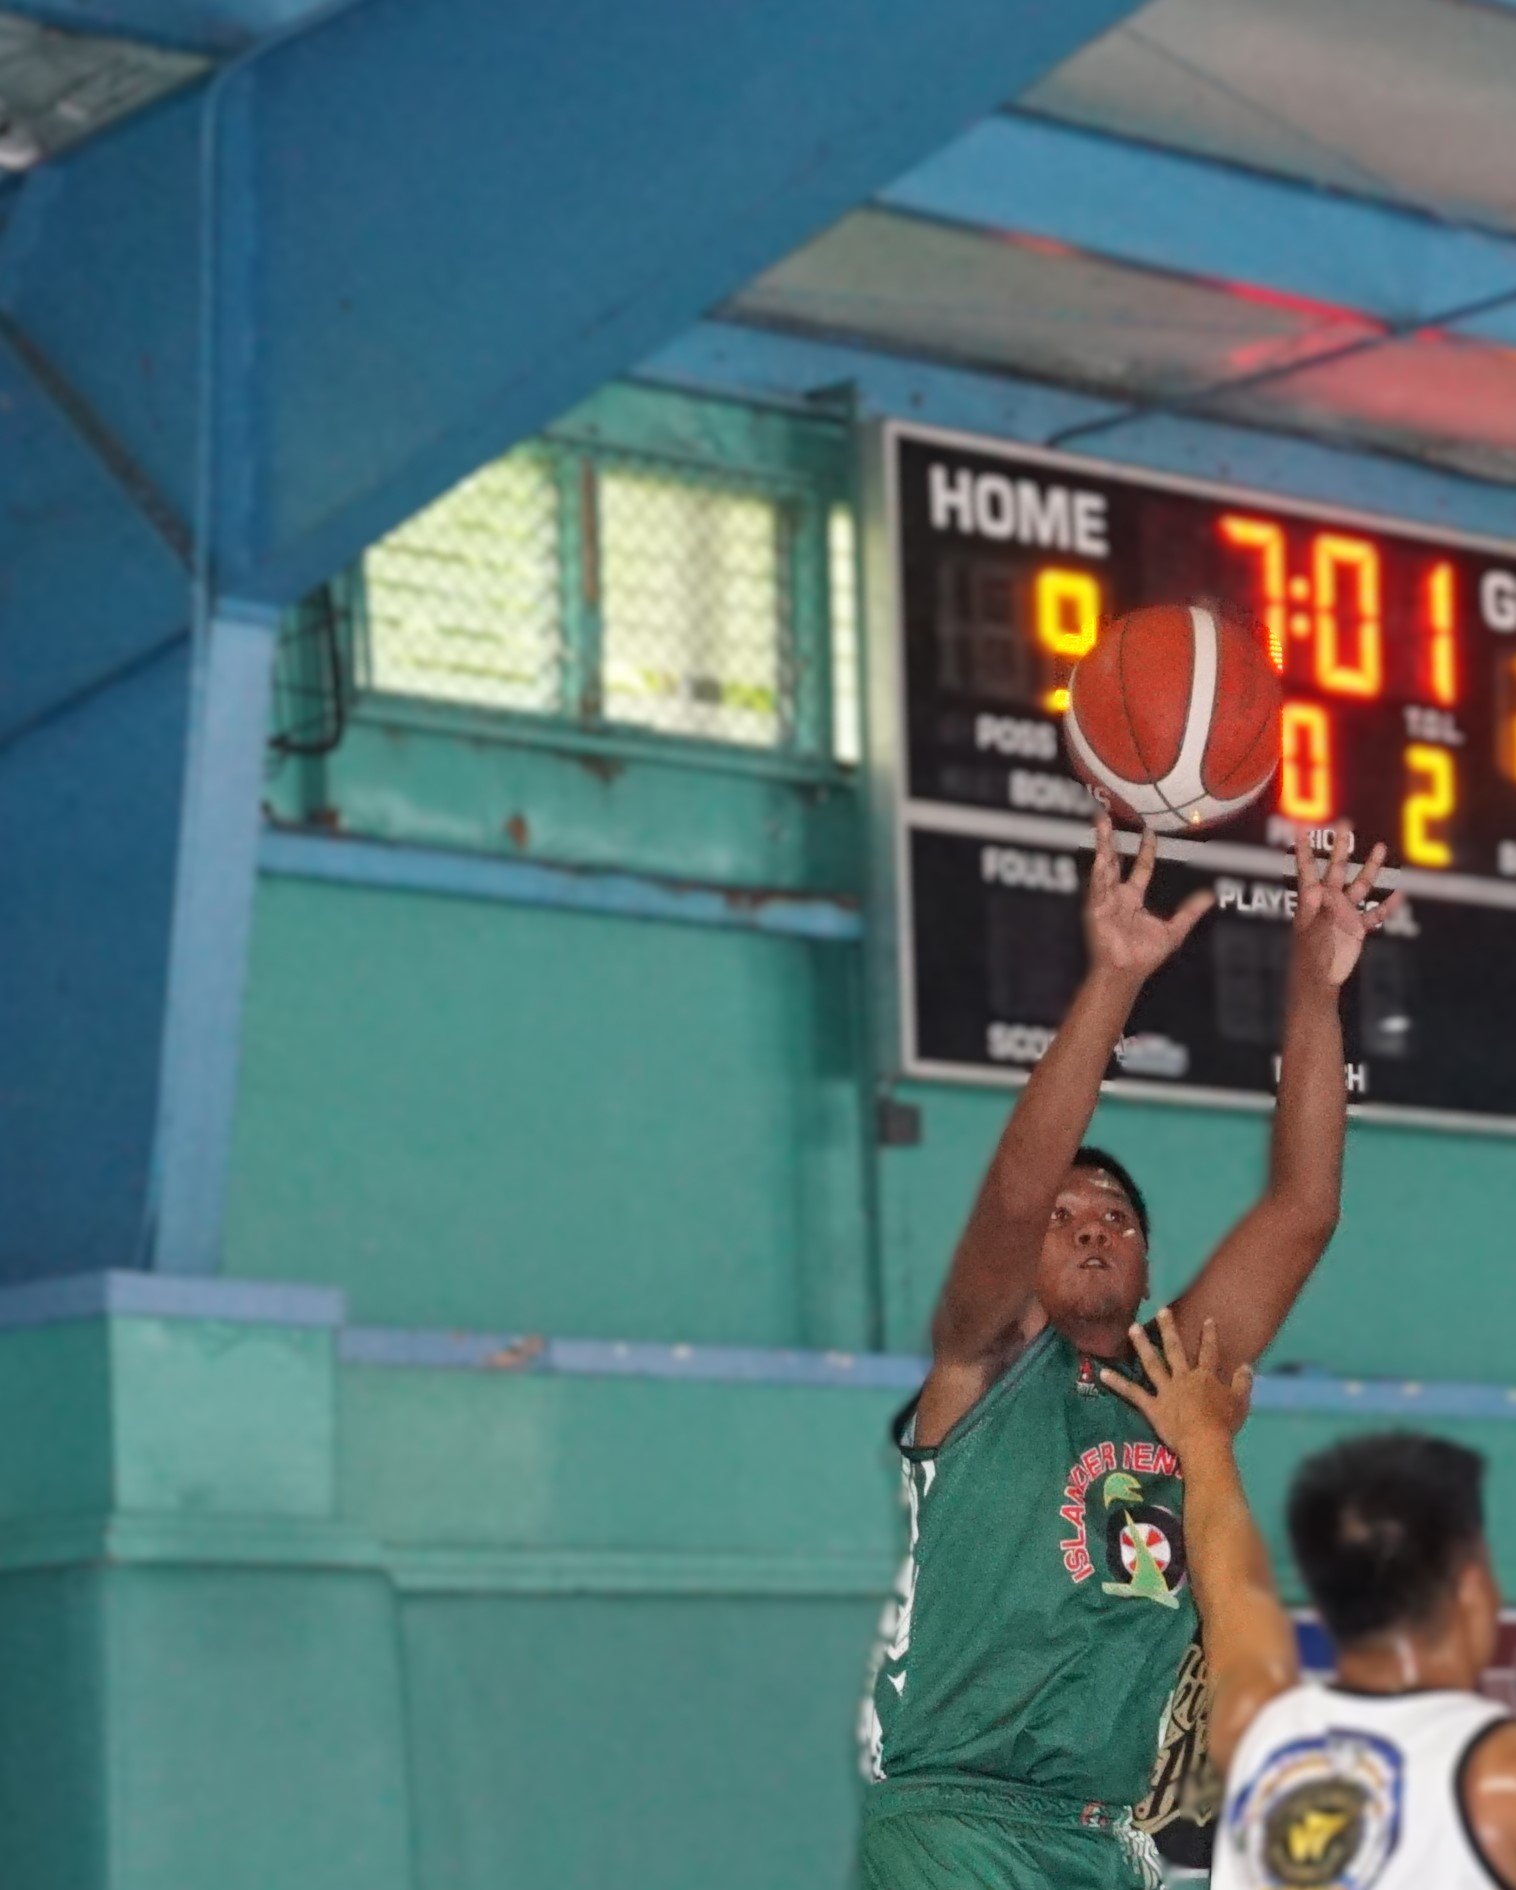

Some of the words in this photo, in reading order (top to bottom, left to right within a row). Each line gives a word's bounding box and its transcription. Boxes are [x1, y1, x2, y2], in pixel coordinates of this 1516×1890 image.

[928, 463, 1110, 557] HOME
[1216, 513, 1457, 706] 7:01
[1282, 703, 1332, 820] 0
[1402, 744, 1456, 868] 2
[981, 845, 1078, 893] FOULS
[1060, 1441, 1117, 1584] ISLANDER
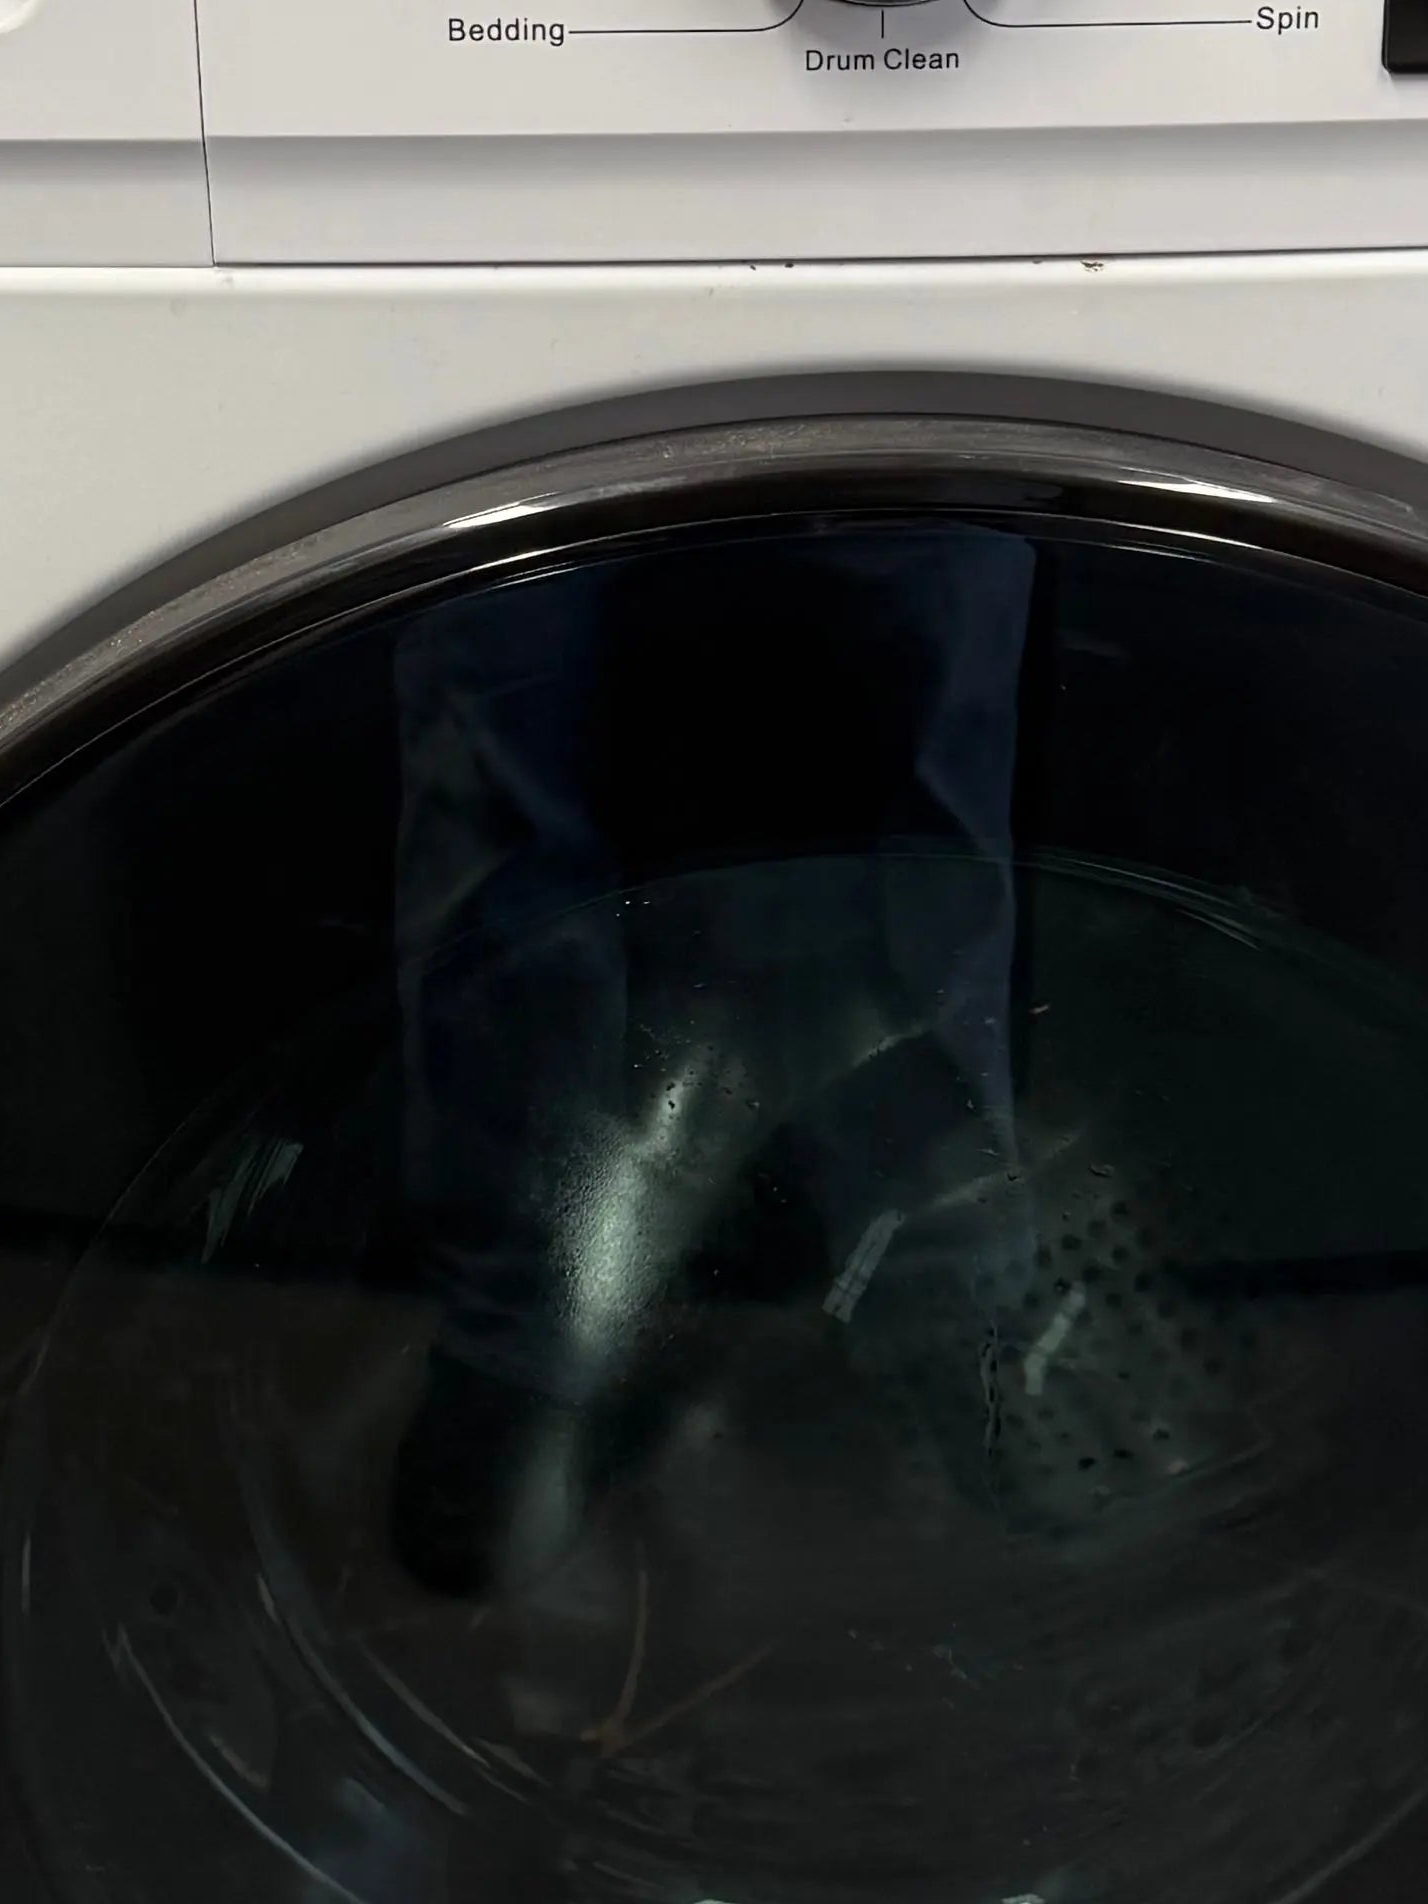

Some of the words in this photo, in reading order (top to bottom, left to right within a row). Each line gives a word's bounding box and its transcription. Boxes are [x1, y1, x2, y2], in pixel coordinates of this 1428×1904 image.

[447, 16, 565, 48] Bedding
[1255, 5, 1320, 37] Spin
[805, 48, 876, 72] Drum
[882, 46, 960, 71] Clean

--

- [Task to complete] Transcribe all entries above exactly. Drop the pictures.

- [Answer]
Some of the words in this photo, in reading order (top to bottom, left to right within a row). Each line gives a word's bounding box and its transcription. Boxes are [x1, y1, x2, y2], in pixel coordinates of this 1516×1890 image.

[928, 463, 1110, 557] HOME
[1216, 513, 1457, 706] 7:01
[1282, 703, 1332, 820] 0
[1402, 744, 1456, 868] 2
[981, 845, 1078, 893] FOULS
[1060, 1441, 1117, 1584] ISLANDER

Some of the words in this photo, in reading order (top to bottom, left to right within a row). Each line gives a word's bounding box and its transcription. Boxes are [x1, y1, x2, y2], in pixel coordinates of this 1428×1904 image.

[447, 16, 565, 48] Bedding
[1255, 5, 1320, 37] Spin
[805, 48, 876, 72] Drum
[882, 46, 960, 71] Clean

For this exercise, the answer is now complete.